Tuesday, 25 February 2020

Rowntree once again

No 17 West Street is now Rowntree Lodge

As you can see from the sign today we have become Rowntree Lodge.

On 14th November 1876 Messrs J S Rowntree and J Cadbury took out a joint mortgage to purchase No 17 West Street as a shared holiday house in Scarborough.

As Joseph Rowntree is widely regarded as the father of marketing, it seemed only right to rename the hotel after its original owner.

Monday, 10 February 2020

Ghouls at The Redcliffe

Ghost hunters were on the prowl this weekend

The lights were burning late into the night on Friday night, 7 February, as The Redcliffe Hotel played host to a team of six ghost hunters introduced by Scarborough aficionado Jason Lee, and very possibly to a selection of ghostly presences.

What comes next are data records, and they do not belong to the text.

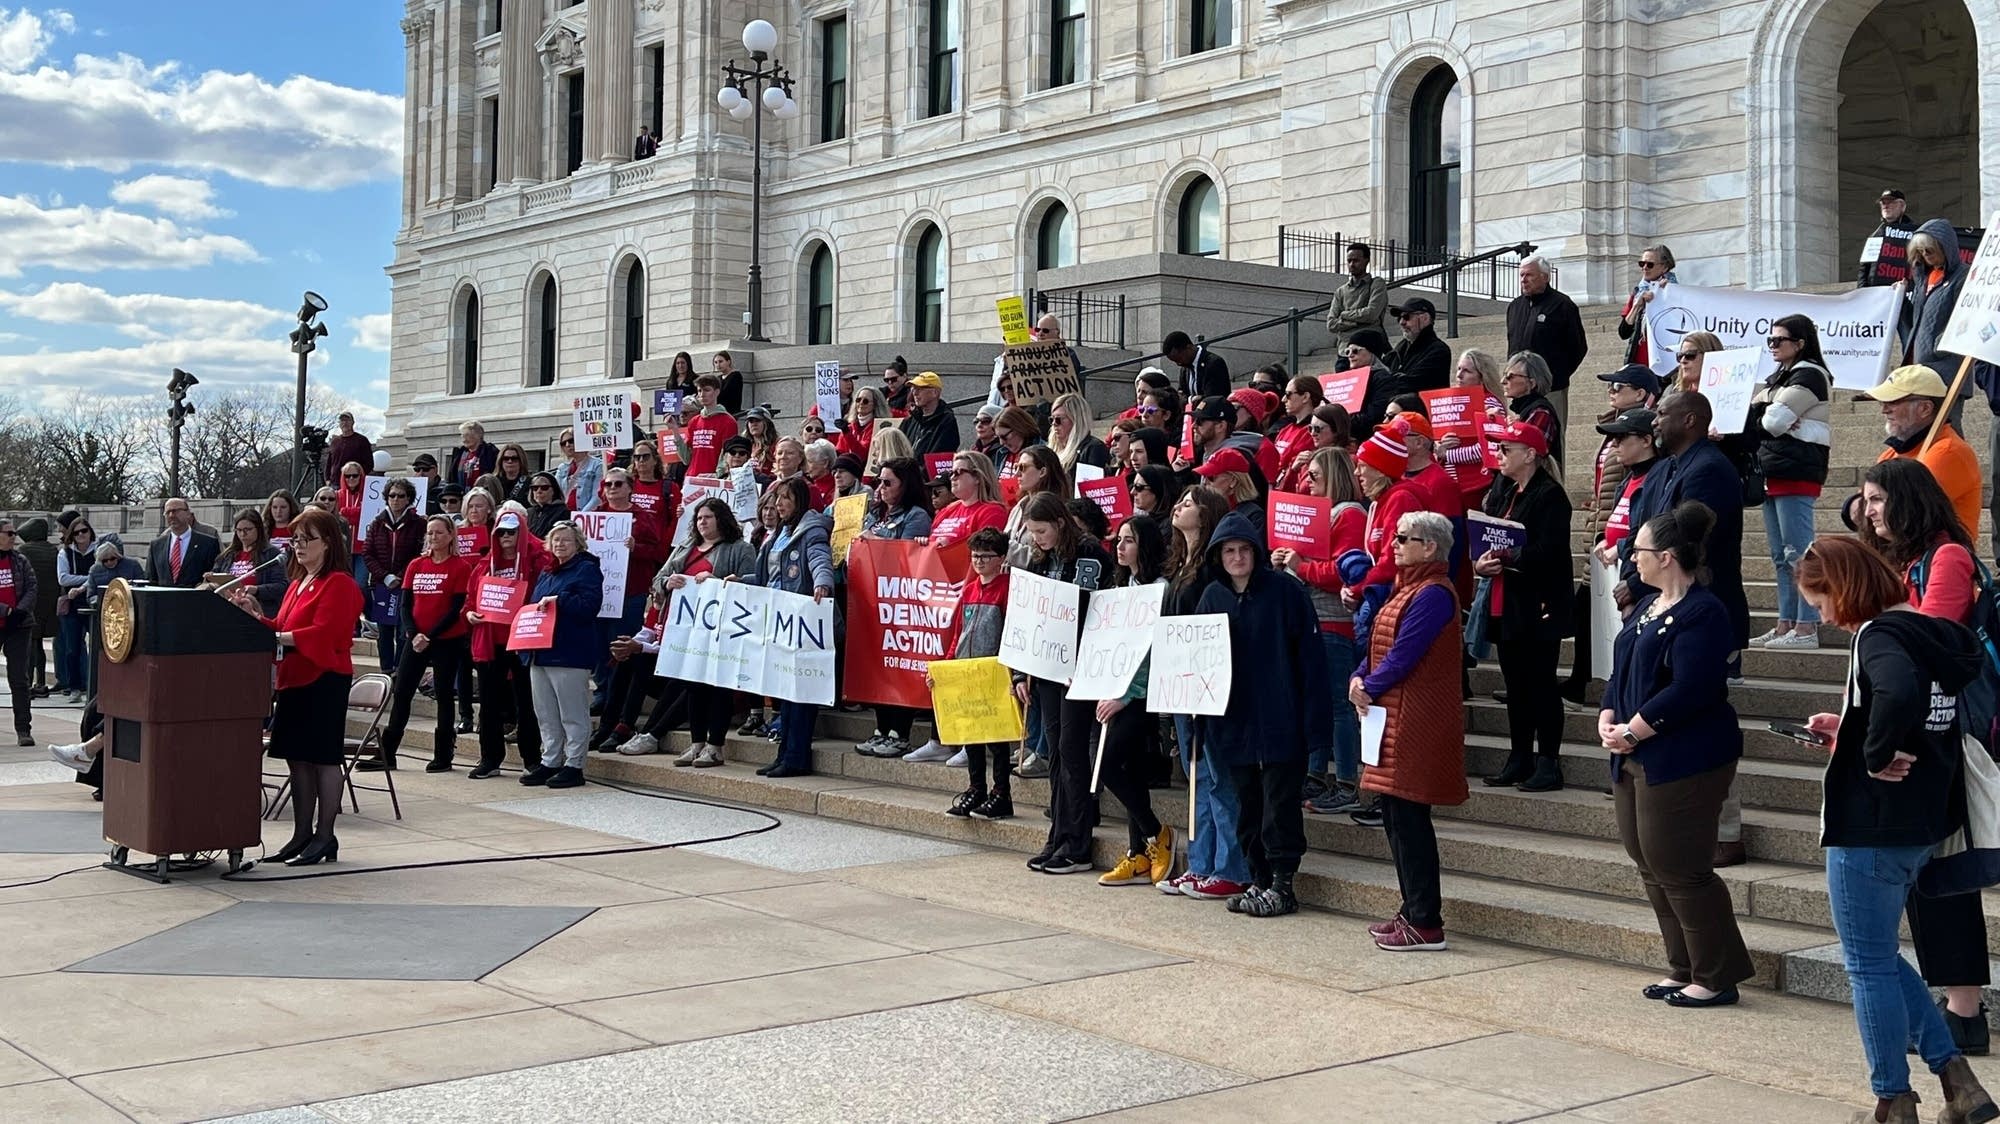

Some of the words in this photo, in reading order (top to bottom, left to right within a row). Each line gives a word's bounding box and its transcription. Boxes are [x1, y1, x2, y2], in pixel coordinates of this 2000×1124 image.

[1885, 226, 1913, 239] Vetera
[1882, 243, 1905, 258] Ban
[1877, 263, 1905, 281] Stop
[1704, 316, 1749, 338] Unity
[1007, 341, 1069, 361] THOUGHTS
[818, 368, 839, 377] KIDS
[1011, 359, 1068, 379] PRAYERS
[818, 377, 838, 388] NOT
[1017, 376, 1078, 399] ACTION
[818, 388, 839, 396] GUNS
[1324, 385, 1354, 395] DEMAND
[573, 398, 584, 409] #1
[587, 395, 611, 408] CAUSE
[614, 395, 623, 405] OF
[1431, 397, 1453, 407] MOMS
[1715, 390, 1744, 411] HATE
[580, 409, 603, 422] DEATH
[608, 408, 622, 419] FOR
[1431, 404, 1465, 415] DEMAND
[1432, 412, 1460, 423] ACTION
[585, 421, 609, 435] KIDS
[614, 422, 622, 432] IS
[1276, 502, 1300, 513] MOMS
[1275, 512, 1311, 525] DEMAND
[573, 514, 606, 541] ONE
[1274, 522, 1304, 535] ACTION
[1485, 526, 1508, 537] TAKE
[1481, 533, 1514, 546] ACTION
[1490, 543, 1509, 551] NOT
[877, 575, 933, 601] MOMS
[481, 591, 510, 601] DEMAND
[1051, 583, 1076, 623] Laws
[480, 599, 504, 608] ACTION
[517, 618, 543, 627] DEMAND
[878, 602, 954, 629] DEMAND
[515, 625, 538, 634] ACTION
[772, 610, 826, 650] MN
[1166, 623, 1222, 645] PROTECT
[882, 628, 945, 656] ACTION
[1032, 624, 1070, 665] Crime
[884, 656, 899, 668] FOR
[900, 657, 911, 670] GUN
[1077, 644, 1111, 679] NOT
[1189, 643, 1224, 673] KIDS
[774, 663, 826, 678] MINNESOTA
[1157, 672, 1195, 708] NOT

The team had access to the full hotel for the weekend, as The Redcliffe had only just opened having been temporarily closed while rooms were redecorated before the coming season. The works had not disturbed what was forecast to be a rich site.

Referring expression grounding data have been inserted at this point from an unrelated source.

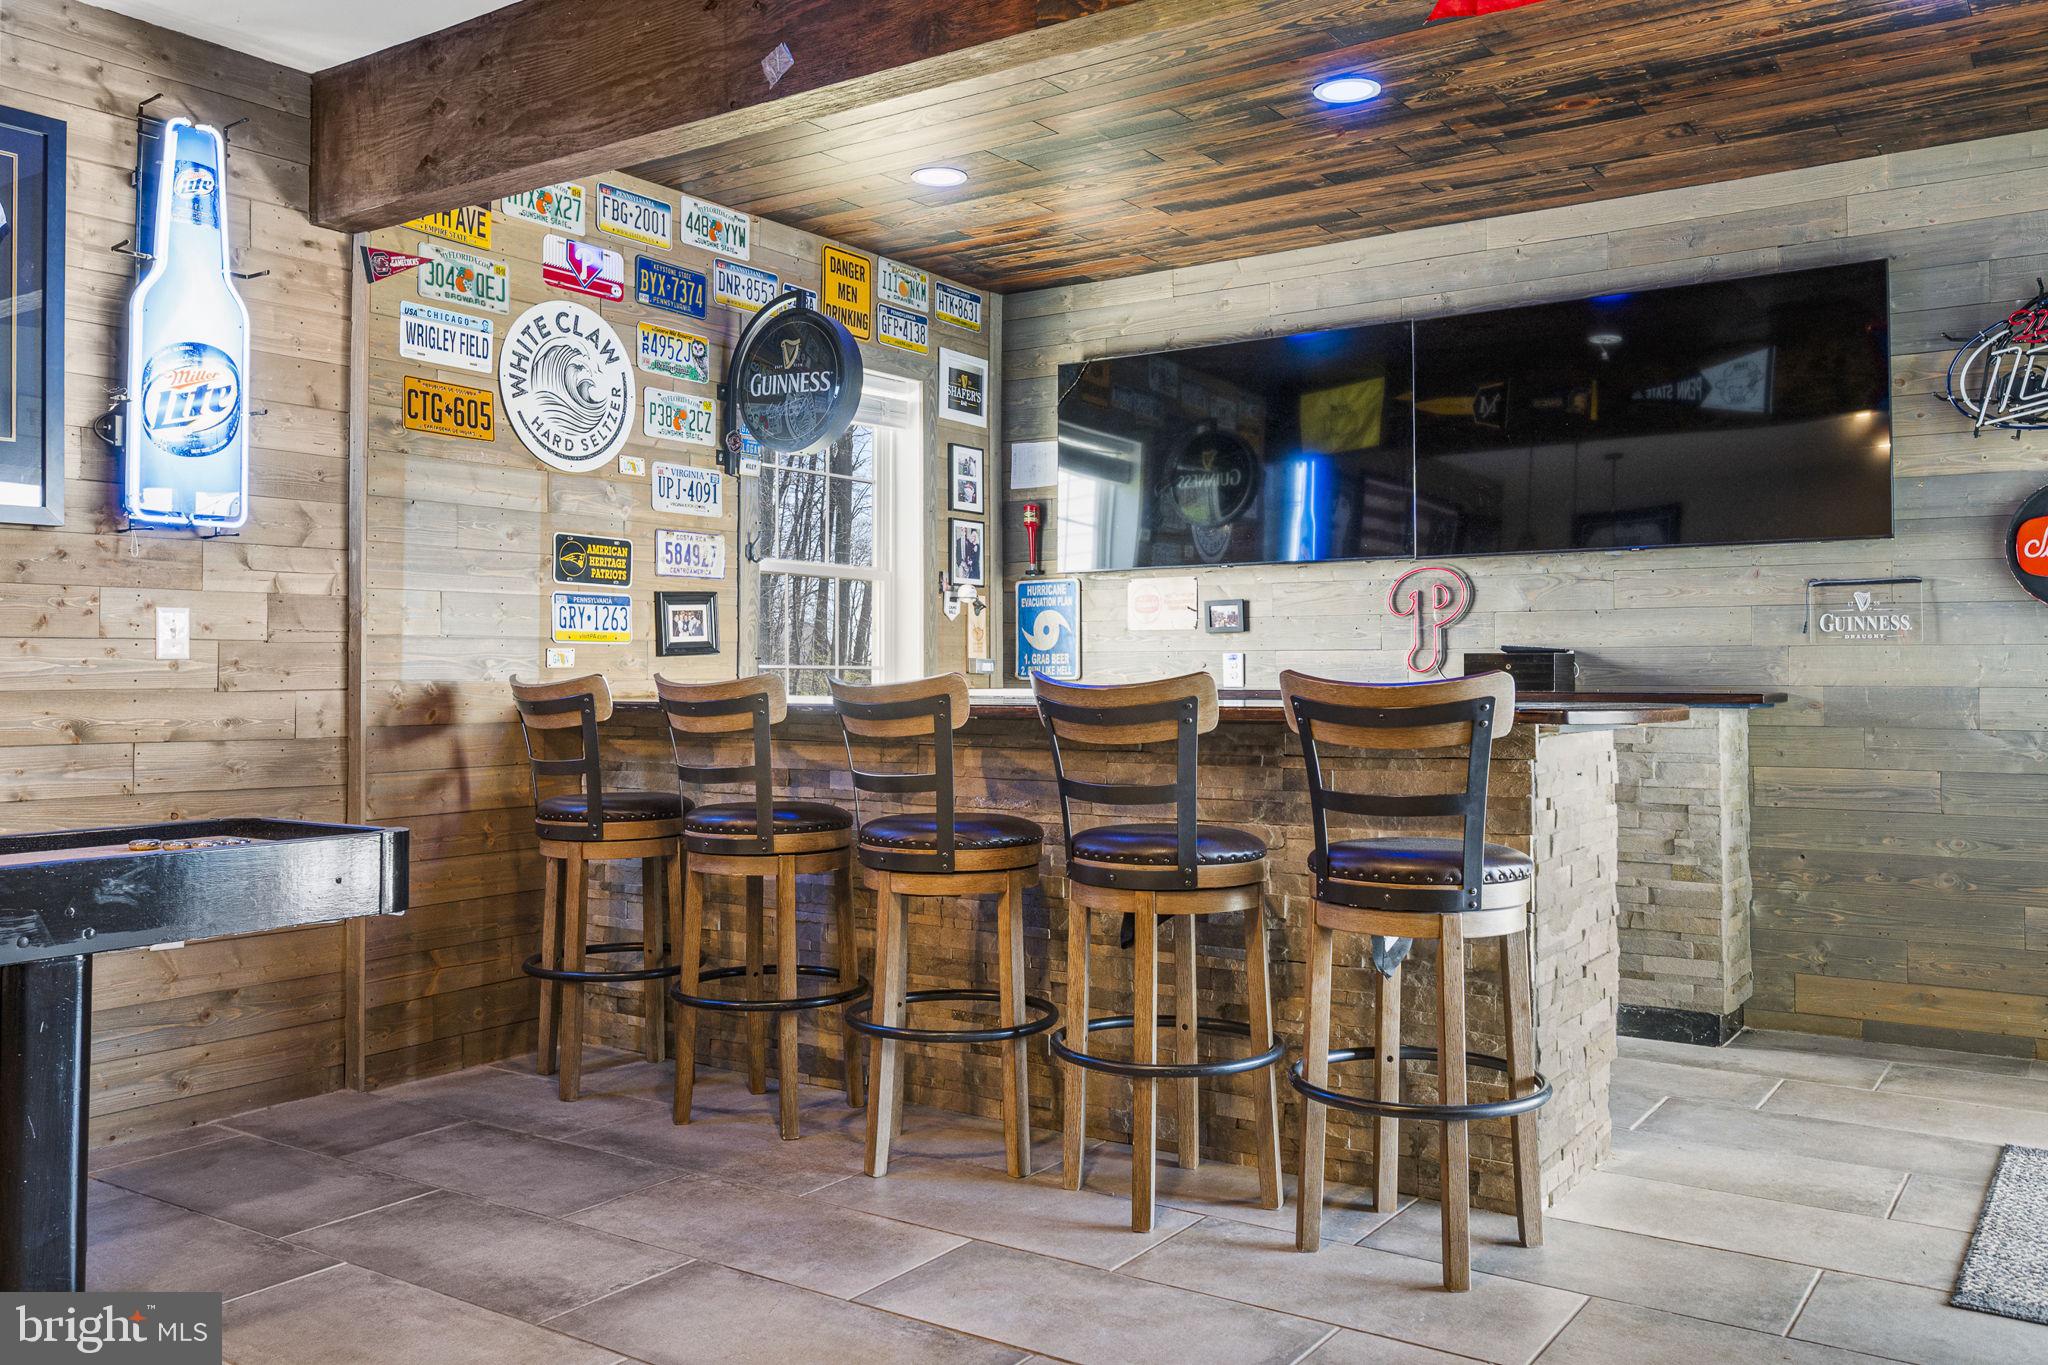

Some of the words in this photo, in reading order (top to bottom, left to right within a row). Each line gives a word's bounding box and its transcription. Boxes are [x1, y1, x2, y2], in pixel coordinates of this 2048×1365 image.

[555, 193, 581, 222] X27
[456, 207, 487, 238] AVE
[521, 209, 549, 223] SUNSHINE
[551, 217, 568, 228] STATE
[686, 212, 708, 238] 448
[424, 224, 447, 236] EMPIRE
[449, 230, 467, 242] STATE
[424, 261, 455, 290] 304
[653, 264, 677, 276] KEYSTONE
[678, 271, 692, 281] STATE
[830, 256, 866, 282] DANGER
[445, 292, 486, 307] BROWARD
[837, 282, 858, 303] MEN
[653, 296, 691, 311] PENNSYLVANIA
[404, 307, 418, 317] USA
[427, 309, 470, 326] CHICAGO
[825, 303, 868, 331] DRINKING
[405, 321, 457, 353] WRIGLEY
[460, 333, 490, 360] FIELD
[651, 333, 691, 362] 4952J
[509, 315, 552, 399] WHITE
[555, 311, 621, 365] CLAW
[167, 369, 218, 385] Miller
[750, 371, 831, 397] GUINNESS
[946, 385, 982, 404] SHAFER'S
[152, 383, 232, 430] Lite
[407, 389, 443, 423] CTG
[454, 397, 491, 430] 605
[531, 416, 574, 451] HARD
[581, 387, 621, 451] SELTZER
[650, 402, 672, 428] P38
[689, 410, 711, 434] 2CZ
[661, 428, 683, 438] SUNSHINE
[671, 468, 704, 480] VIRGINIA
[658, 475, 718, 505] UPJ-4091
[676, 533, 693, 541] COSTA
[587, 544, 628, 558] AMERICAN
[589, 556, 627, 569] HERITAGE
[670, 567, 712, 575] CENTROAMERICA
[591, 568, 627, 580] PATRIOTS
[1026, 584, 1067, 596] HURRICANE
[573, 596, 613, 604] PENNSYLVANIA
[1021, 597, 1057, 608] EVACUATION
[1057, 596, 1073, 607] PLAN
[1819, 613, 1911, 632] GUINNESS
[1024, 654, 1030, 664] 1.
[1031, 653, 1050, 665] GRAB
[1051, 653, 1070, 664] BEER
[1041, 666, 1056, 675] LIKE
[1057, 666, 1072, 675] HELL

If you have stayed with us before in Rooms 6 or 9, you were possibly not alone. Both betrayed evidence of activity caught by the Kinect scanners used to identify apparitions. Indeed one seemed to be suspended some distance above the floor, which might raise concerns as to the reason or fate of some past individual.

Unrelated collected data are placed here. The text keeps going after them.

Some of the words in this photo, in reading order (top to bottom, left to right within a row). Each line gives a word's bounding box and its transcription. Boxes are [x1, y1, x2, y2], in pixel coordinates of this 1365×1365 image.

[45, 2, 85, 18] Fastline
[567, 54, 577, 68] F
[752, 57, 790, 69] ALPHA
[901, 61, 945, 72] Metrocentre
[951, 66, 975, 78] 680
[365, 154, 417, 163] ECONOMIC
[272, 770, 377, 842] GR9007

The Dark Realms Facebook page has some video footage of the weekend. While more can be learned of the equipment at Polygon.

We look forward to seeing, hearing, and experiencing more from Claire, Jess, Justin, Kerrie, Lewis, and Suzie-Lei in time to come … but maybe not too much from their discoveries.

Saturday, 18 January 2020

12th May 1941 The Maynard at War

Requisitioned by the RAF after The Weston Hotel was bombed

Men of No 10 Initial Training Wing RAF, Scarborough
In the early morning of 10th May 1941 six bombs landed in Esplanade Gardens, two struck The Weston and The Waldorf hotels. The Weston suffered considerable structural damage with six casualties, one of whom, AC2 WH Stoate died. It had been home to No 4 Squadron of the RAF’s No 11 Initial Training Wing. The men were temporarily moved to The Grand where No 10 ITW were based (the image is of young men of No 10 ITW RAF, many just teenagers or in their early twenties including Leslie Hadder, whose nephew found this photograph, of a later squad)
Two days later a RAF officer from York set out to find fresh accommodation, this is the entry from the Operations Record Book,
12.5.41 to 14.5.41  In order to find accommodation in place of the Weston Hotel, No’s 15 & 16 Esplanade Gardens were inspected by S/Ldr Raymond Barker and Mr Frampton of Air Ministry Works Directorate, York, and application was made to Headquarters Flying Training Command for urgent requisition.

No 15 was The Derwent Hotel and 16 is The Maynard. Very possible the hidden doors mentioned in The Derwent post (19 Dec 2019) linking The Derwent and The Maynard were put in at this date.

Sunday, 22 December 2019

Forgotten workmen uncovered at The Redcliffe

Current builders unearth evidence of past craftsmen

Over the last few weeks we have been able to do initial works at The Redcliffe redecorating bedrooms and updating bathrooms, a revamp of the Reception, Bar, and Dining Room, together with reincorporating rooms at the top of building, which give a wonderful view to the North and the Moors.


It is not surprising that like archaeologists stripping layers of wallpaper has shown old patterns and colour schemes. And in several cases we have found places where in the 1890s, 1910s, and 1930s decorators have signed their names as a mark of what? Their handiwork? For others to find as a written time capsule? Well some hundred years or so later they are coming to light.

But not just signatures, several drawings have been found. And our favourite cartoon is reproduced here - as you can see it is a mustachioed man caught in profile. In this case he is on the edge of a fireplace looking to the wall, and today he might be in his 130th year?